Ha fermato l’era dei Sebastiani: dopo 9 titoli di Loeb e 6 di Ogier, tutti consecutivi, con il passaggio della corona avvenuto tra il 2012 e il 2013, il mondiale rally aveva finalmente un nuovo nome: Ott Tänak.

Il contesto
Il mondiale rally arrivava al 2019 con una novità che spiccava su tutte: Sébastien Ogier alla guida della Citroen, dopo 3 titoli vinti con Volkswagen e gli ultimi 2 con la Ford. La vettura francese non aveva mai avuto rilievo dall’addio di Loeb, e infatti Ogier si mosse in fretta per modificare la vettura favorendo il suo stile di guida.

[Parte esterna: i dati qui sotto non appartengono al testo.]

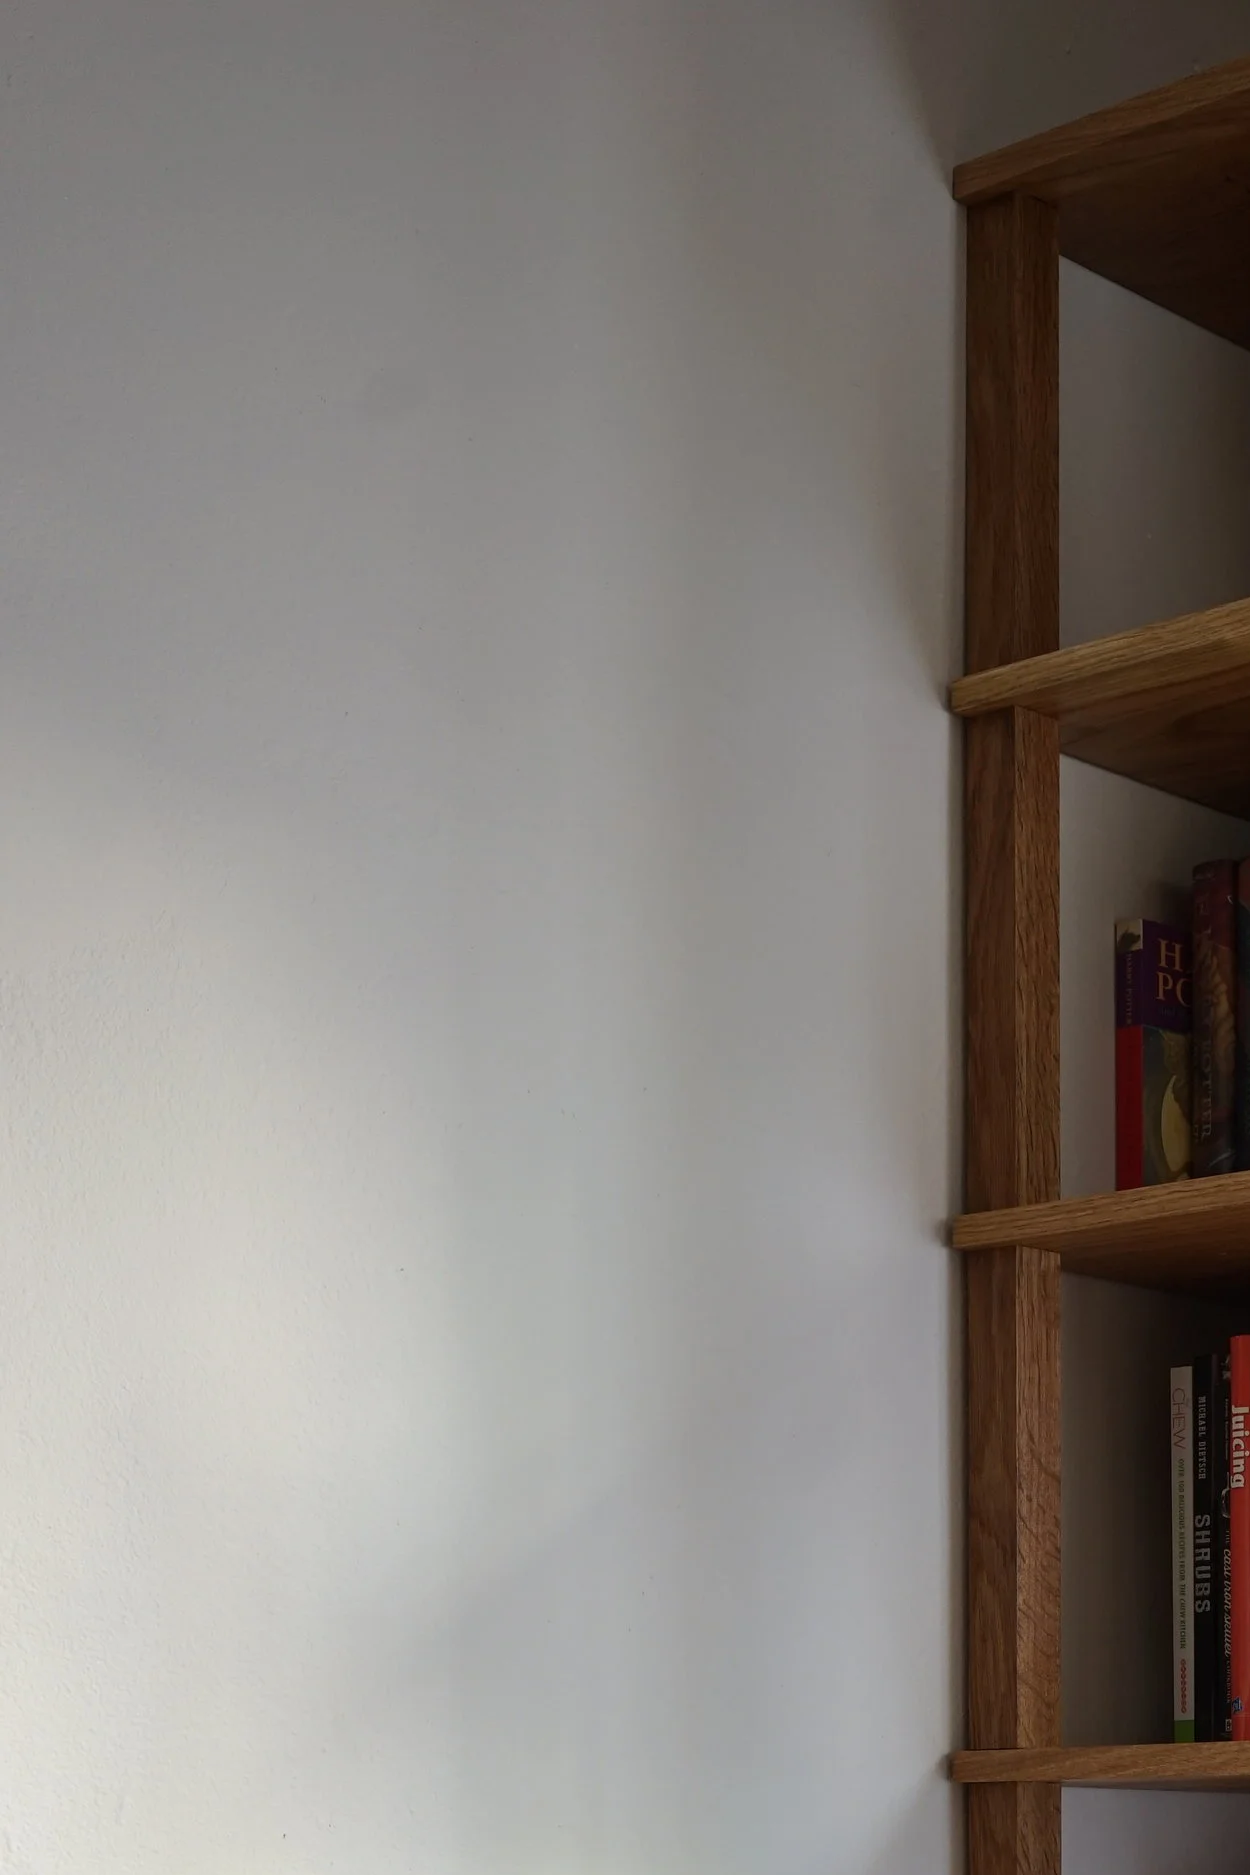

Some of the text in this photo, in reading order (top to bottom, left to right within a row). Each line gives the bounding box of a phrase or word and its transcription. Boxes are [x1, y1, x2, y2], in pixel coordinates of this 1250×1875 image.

Tanak e Neuville, i due rivali di Ogier del 2018, rimasero rispettivamente in Toyota e in Hyundai, entrambi pronti ad approfittare dei possibili buchi della nuova accoppiata francese. Il team coreano riponeva tutte le speranze sul belga, visto come vera e propria guida del team. Ma non era lo stesso per i nipponici, che, come ancora oggi, si focalizzano sul concetto di squadra.

Dominio assoluto
La stagione di Tänak non parte così bene: vittoria in Svezia, podio al Monte e in Messico, ma fuori dalla top 5 in Corsica e in Argentina. Ma è proprio da qui che parte la scalata dell’estone verso il trono. In Cile, Neuville esce pesantemente di scena e quell’incidente probabilmente lo blocca psicologicamente per tutta la stagione, mentre Tänak ottiene la seconda vittoria dell’anno.

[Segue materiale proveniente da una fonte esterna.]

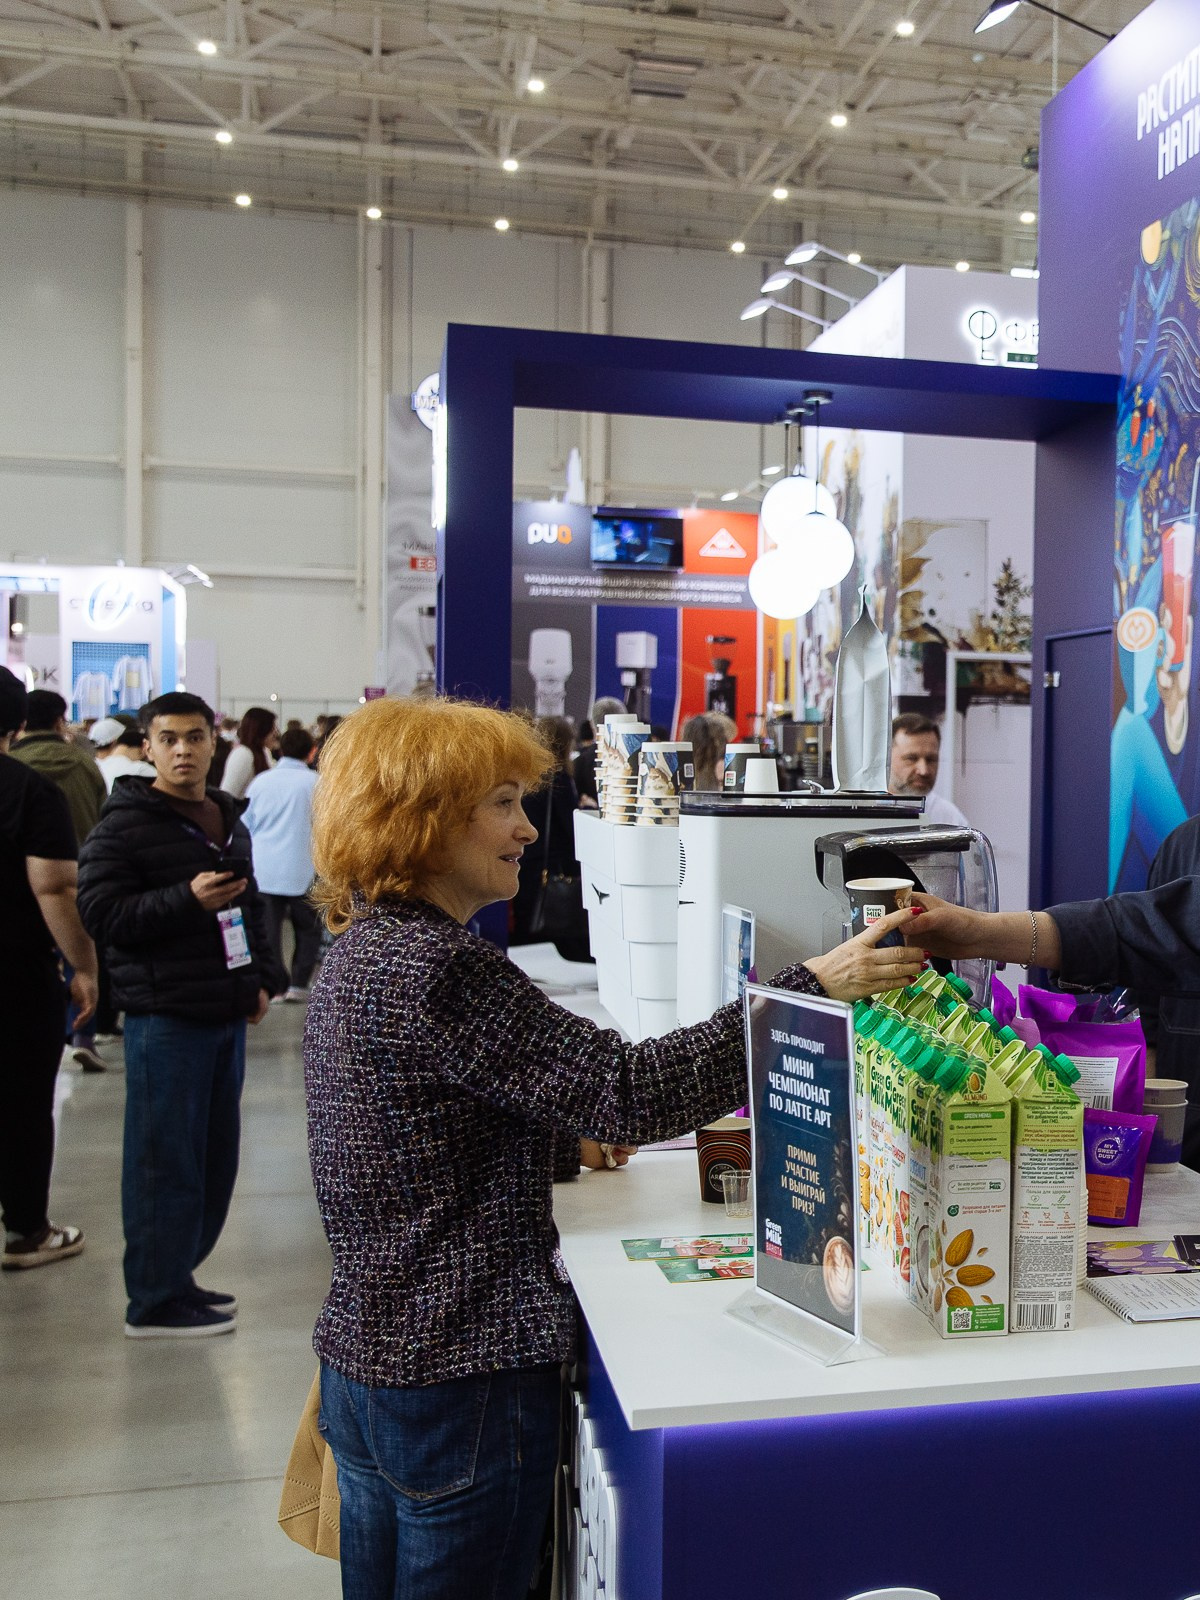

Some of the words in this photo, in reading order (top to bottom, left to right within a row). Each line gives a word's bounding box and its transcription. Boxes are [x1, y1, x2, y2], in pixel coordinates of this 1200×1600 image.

[771, 1028, 790, 1045] ЗДЕСЬ
[790, 1034, 825, 1055] ПРОХОДИТ
[782, 1054, 814, 1080] МИНИ
[871, 1066, 884, 1085] Green
[768, 1071, 831, 1107] ЧЕМПИОНАТ
[871, 1082, 885, 1109] Milk
[892, 1087, 906, 1107] Green
[963, 1093, 988, 1101] ALMOND
[769, 1093, 783, 1112] ПО
[784, 1098, 813, 1123] ЛАТТЕ
[814, 1108, 832, 1129] АРТ
[892, 1104, 906, 1133] Milk
[910, 1116, 928, 1148] Milk
[787, 1144, 817, 1168] ПРИМИ
[785, 1159, 820, 1186] УЧАСТИЕ
[781, 1174, 788, 1188] И
[789, 1177, 826, 1205] ВЫИГРАЙ
[792, 1195, 815, 1217] ПРИЗ!
[765, 1218, 782, 1234] Green
[765, 1227, 782, 1246] Milk

Vince di nuovo in Portogallo, mentre in Sardegna perde la vittoria certa in Power Stage a causa di un errore e conseguente rottura del sottosterzo, finendo in P5. Come se nulla fosse accaduto, torna alla vittoria in Finlandia e in Germania. In Turchia arriva il ritiro suo e di Neuville, mentre in Gran Bretagna l’estone si avvicina definitivamente al titolo, vincendo anche in Galles.
In Spagna arriva l’incoronazione. Il secondo posto è sufficiente per regalare all’Estonia il primo titolo mondiale rally. Ott Tänak è campione del mondo 2019 con un rally d’anticipo (rimane il Rally d’Australia, che verrà annullato per gli incendi che hanno colpito la zona). Dopo 15 anni di Sébastien Loeb e di Sébastien Ogier, i rallisti hanno un nuovo titolato.

L’addio inatteso da Toyota
C’è un’altra caratteristica che ha sempre contraddistinto Tänak: la sua velocissima mutabilità d’opinione. E infatti, è l’unico pilota della griglia 2025 ad aver corso in tutti i 3 team presenti. Cos’era accaduto nel 2019 da fargli dire addio?
Per il 2020 i giapponesi hanno ingaggiato Ogier, che, secondo l’estone, sarebbe diventato il centro della squadra, e prendendo anche i 3 piloti che sono ancora oggi titolari: Evans, Rovanperä e Katsuta. Tänak, ora, preferiva l’opzione Hyundai, ritenendo che lo avrebbero certamente messo nel ruolo di team leader.